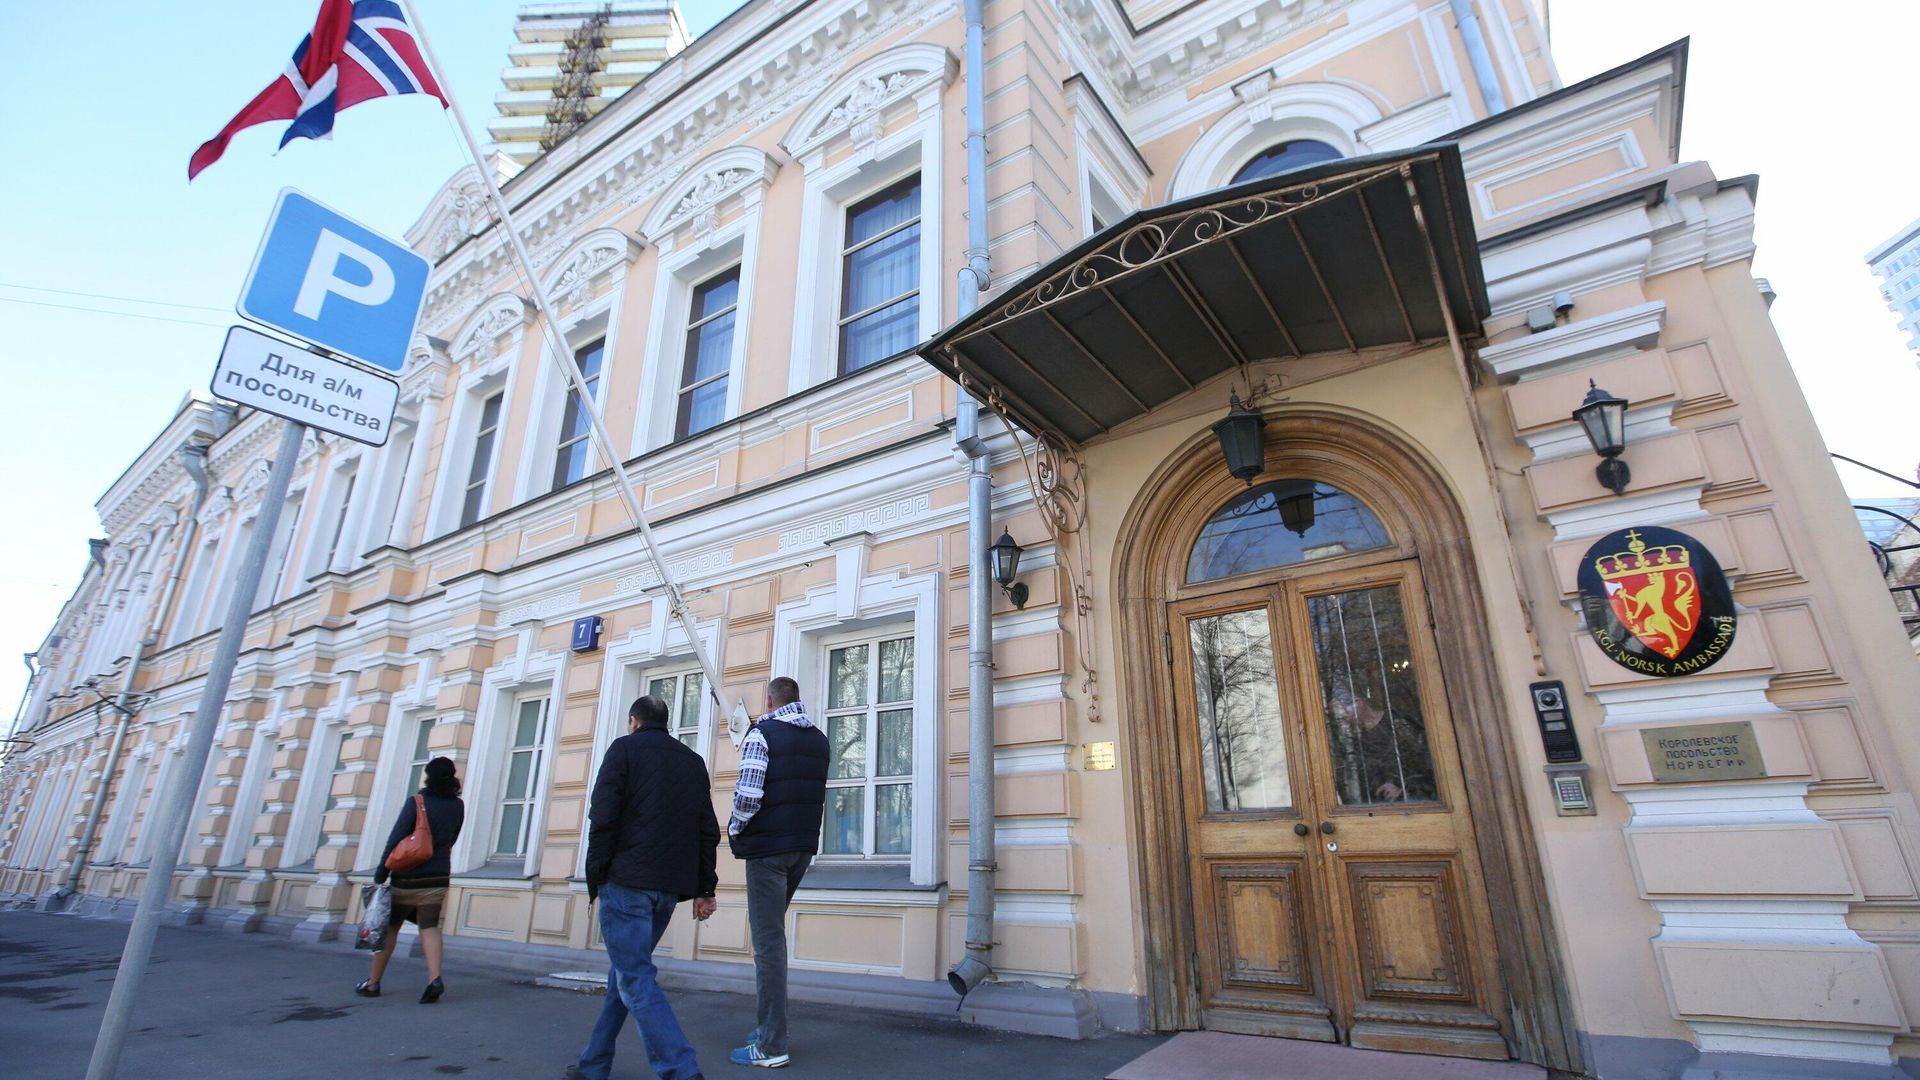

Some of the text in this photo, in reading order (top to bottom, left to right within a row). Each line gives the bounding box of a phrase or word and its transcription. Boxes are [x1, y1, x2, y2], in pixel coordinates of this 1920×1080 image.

[293, 227, 396, 321] P
[226, 370, 382, 431] посольства
[260, 352, 363, 400] Для а/м
[579, 623, 586, 639] 7
[1618, 650, 1667, 674] NORSK
[1673, 615, 1733, 673] AMBASSADE

* Task details:
Although the records include pictures, output only their text, exactly and completely.

* Answer:
Some of the text in this photo, in reading order (top to bottom, left to right within a row). Each line gives the bounding box of a phrase or word and its transcription. Boxes are [x1, y1, x2, y2], in pixel coordinates of this 1920×1080 image.

[293, 227, 396, 321] P
[226, 370, 382, 431] посольства
[260, 352, 363, 400] Для а/м
[579, 623, 586, 639] 7
[1618, 650, 1667, 674] NORSK
[1673, 615, 1733, 673] AMBASSADE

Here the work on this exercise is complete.